3. By order, dated December 19, 1969 (Annexure 'A' to the writ petition), sanction of the President of India to the equation of the existing scale of Rupees 250-450 for the posts of Private Secretaries/Readers of the High Court with the corresponding revised scale of Rs. 300-25-600 existing in the Punjab Civil Secretariat, was conveyed by the Central Government to the Chandigarh Administration. A copy of that communication was endorsed to the Registrar of the High Court on January 7, 1970. The Chief Justice was, however, not satisfied with the above mentioned order as the scale of pay of the Private Secretaries in the Punjab Civil Secretariat had been raised to Rs. 450-25-500-30-650/30-800. He therefore, pressed the claim for the equation of the posts in question with those of the Private Secretaries in the Secretariat and for the benefit of the revised scale of Rs. 450-800 being given to the appellants. It was while accepting the said recommendation of the Chief Justice that the order in question was passed by the President of India in pursuance of which letter, dated April 23, 1970 (Annexure 'C') was issued by the Government of India in the Ministry of Home Affairs to the Home Secretary--Chandigarh Administration, Chandigarh, and a copy thereof endorsed to the Registrar of this Court. The heading of the letter was:
Revision of pay-scale of Private Secretaries/Readers to Chief Justice and Judges of the High Court, Punjab and Haryana.
In the body of the letter it was stated as below:
With reference to your letter No. 360-IH(S)-70/3610, dated 27-2-1970 on the above subject, I am directed to convey the sanction of the President to the equation of the posts of Private Secretaries/ Readers to Chief Justice and Judges of the High Court of Punjab and Haryana at Chandigarh with the posts of Private Secretaries in the Punjab Civil Secretariat and to the prescription of scale of Rs. 450-25-500-650/30-800 for these posts. This sanction will take effect from 1st February, 1968, but no arrears will be payable for past periods.
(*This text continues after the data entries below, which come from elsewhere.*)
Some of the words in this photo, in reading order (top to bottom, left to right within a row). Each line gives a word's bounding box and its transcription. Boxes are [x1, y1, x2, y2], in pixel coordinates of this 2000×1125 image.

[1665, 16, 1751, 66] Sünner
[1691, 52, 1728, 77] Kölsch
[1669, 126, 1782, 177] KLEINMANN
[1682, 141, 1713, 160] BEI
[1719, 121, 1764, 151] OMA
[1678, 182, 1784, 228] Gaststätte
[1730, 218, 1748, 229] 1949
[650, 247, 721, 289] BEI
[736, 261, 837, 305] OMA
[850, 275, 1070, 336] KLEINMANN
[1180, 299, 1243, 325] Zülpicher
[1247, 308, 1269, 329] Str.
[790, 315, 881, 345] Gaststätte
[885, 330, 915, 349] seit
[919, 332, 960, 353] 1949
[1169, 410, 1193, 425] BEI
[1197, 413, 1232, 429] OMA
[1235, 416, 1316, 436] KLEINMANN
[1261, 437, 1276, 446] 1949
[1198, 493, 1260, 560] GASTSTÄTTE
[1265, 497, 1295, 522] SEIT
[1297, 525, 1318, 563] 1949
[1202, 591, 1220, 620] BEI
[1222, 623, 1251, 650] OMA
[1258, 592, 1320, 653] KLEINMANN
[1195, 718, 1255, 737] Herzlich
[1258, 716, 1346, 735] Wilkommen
2. This letter issues with the concurrence of the Ministry of Finance vide their U.O. No. 3272-E. III/A/ 70, dated 23rd April, 1970.
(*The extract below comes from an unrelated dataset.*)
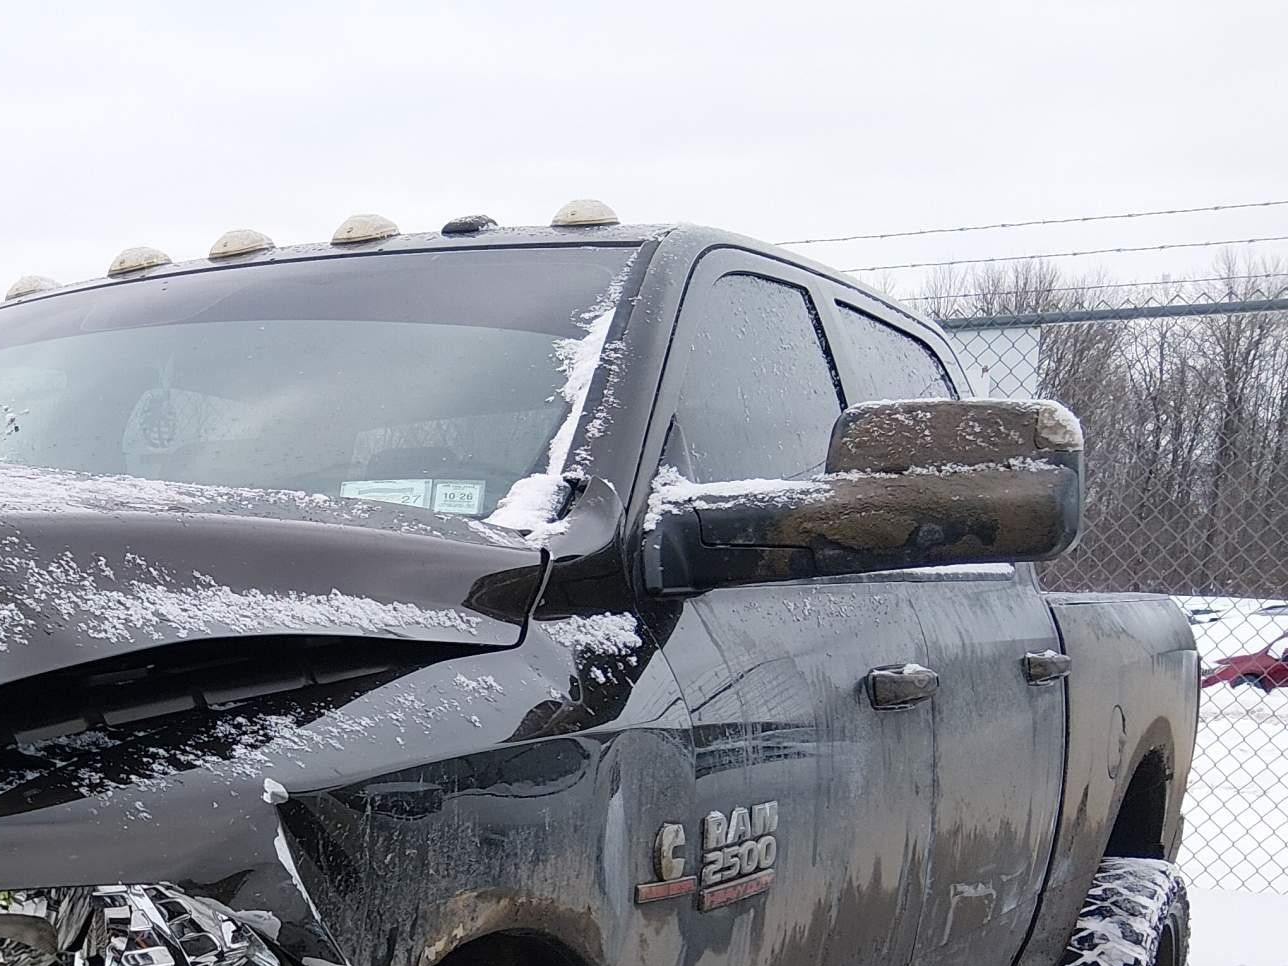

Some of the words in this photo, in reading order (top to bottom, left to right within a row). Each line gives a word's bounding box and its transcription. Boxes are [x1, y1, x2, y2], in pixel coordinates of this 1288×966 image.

[401, 494, 421, 505] 27
[703, 800, 778, 849] RAM
[702, 835, 777, 887] 2500
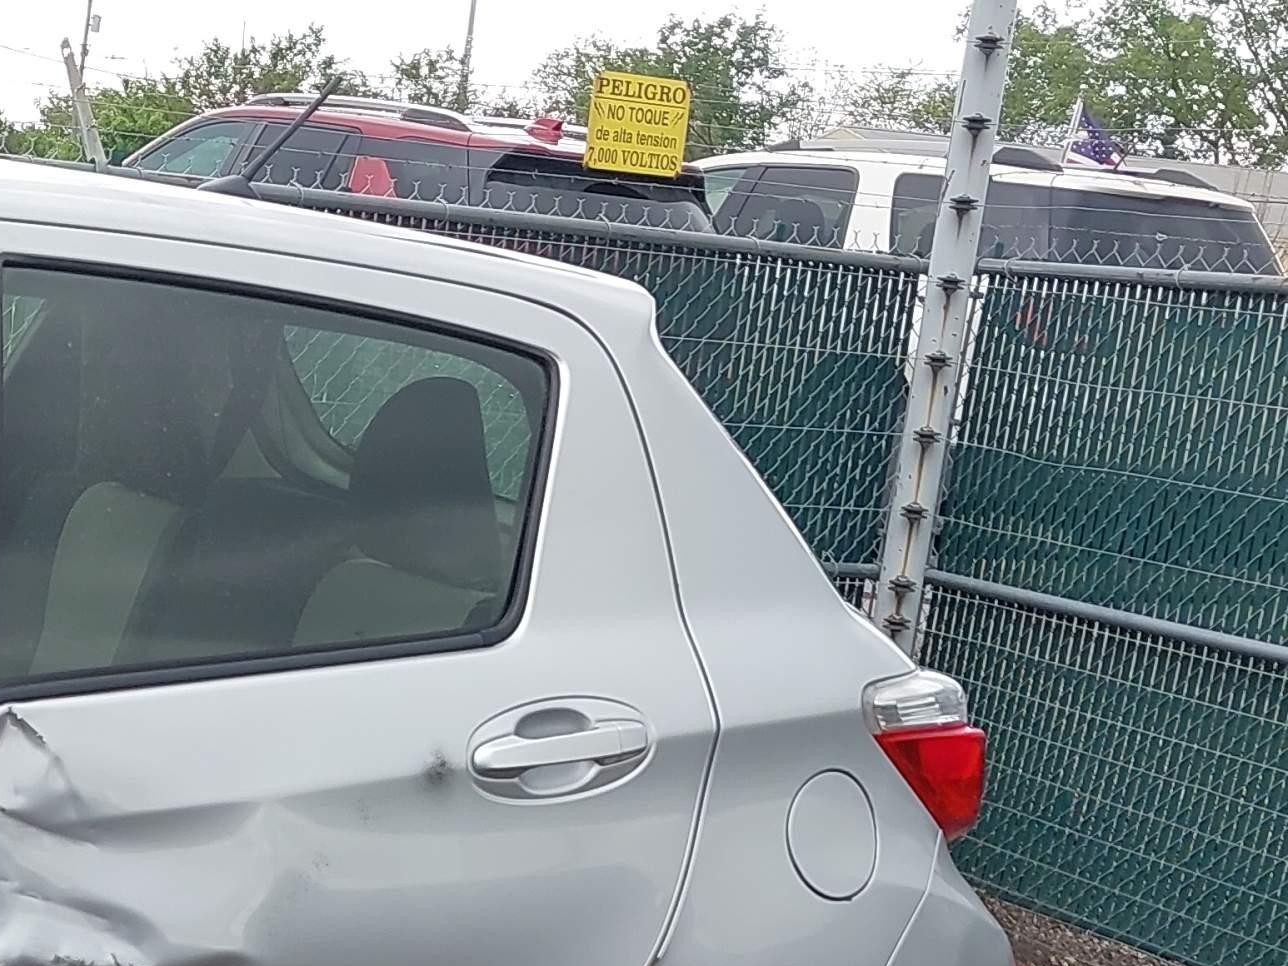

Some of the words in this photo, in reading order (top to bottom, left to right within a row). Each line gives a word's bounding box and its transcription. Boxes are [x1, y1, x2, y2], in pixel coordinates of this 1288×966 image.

I have underlined that portion of the above mentioned communication which is, according to the appellants, unconstitutional. Subsequently, by letter, dated September 5, 1970, (Annexure 'B'), the Government of India directed that the time-scale of pay of Rs. 350-25-500/350-650 should be substituted for the scale of Rs. 300-25-600 sanctioned in December, 1969, vide Annexure 'A'. That letter has, however, no direct impact on the proposition with which we are faced as it is the common case of both sides that all the appellants have already been paid the amount of arrears due to them on account of the difference in their respective salaries which they were drawing in the original scale of Rs. 250-450 on the one hand, and the scale of Rs. 350-650 on the other, Similarly, it is the common case of both sides that all the appellants have been paid their salaries in the revised scale of Rs. 450-800 with effect from April 23, 1970. The only period to which the dispute relates is from February 1, 1968 to April 22. 1970. The different amounts to which the appellants would be entitled would represent the difference between their respective salaries in the scale of Rs. 350-650 on the one hand and Rs. 450-800 on the other, the exact amount depending on the amount of salary which any particular incumbent was drawing in the lower scale at that time. Aggrieved by the depriviation of the arrears at the enhanced rate, the appellants submitted their representation, dated October 21, 1970, to the Chief Justice and Judges of (he Court (Annexure 'D'). The said representation was rejected by the Chandigarh Administration vide its memorandum, dated December 21. 1970 (Annexure 'D/1'). This led to the writ petition being filed by the appellants.
4. The facts stated above were not disputed either in the written statement filed on behalf of the Union of India or in the return filed by the Home Secretary. Chandigarh Administration. The principal defence to the claim of the appellants was stated in the following words in paragraph 15 of the Central Government's return:
The averments made in paragraph 15 of the petition are admitted to the extent that vide his D.O.No. 202-E/HCJ. dated 10-21970, addressed to the Chief Commissioner, Chandigarh, Hon'ble the Chief Justice desired that the scale of pay of the posts of Private Secretaries/Readers to the Hon'ble Judges in the High Court should he equated with the scale of pay permissible to Private Secretaries to Hon'ble Ministers in Punjab. It was thus suggested that Private Secretaries/Readers to Hon'ble Judges in the High Court should be allowed the pay scale of Rupees 450-800. It is incorrect that this equation of scale asked for by the Hon'ble Chief Justice had anything to do with the revision of pay scales in pursuance of the recommendations of the Pay Commission. It is incorrect that the scales were recommended to be made effective with effect from 1-2-1968.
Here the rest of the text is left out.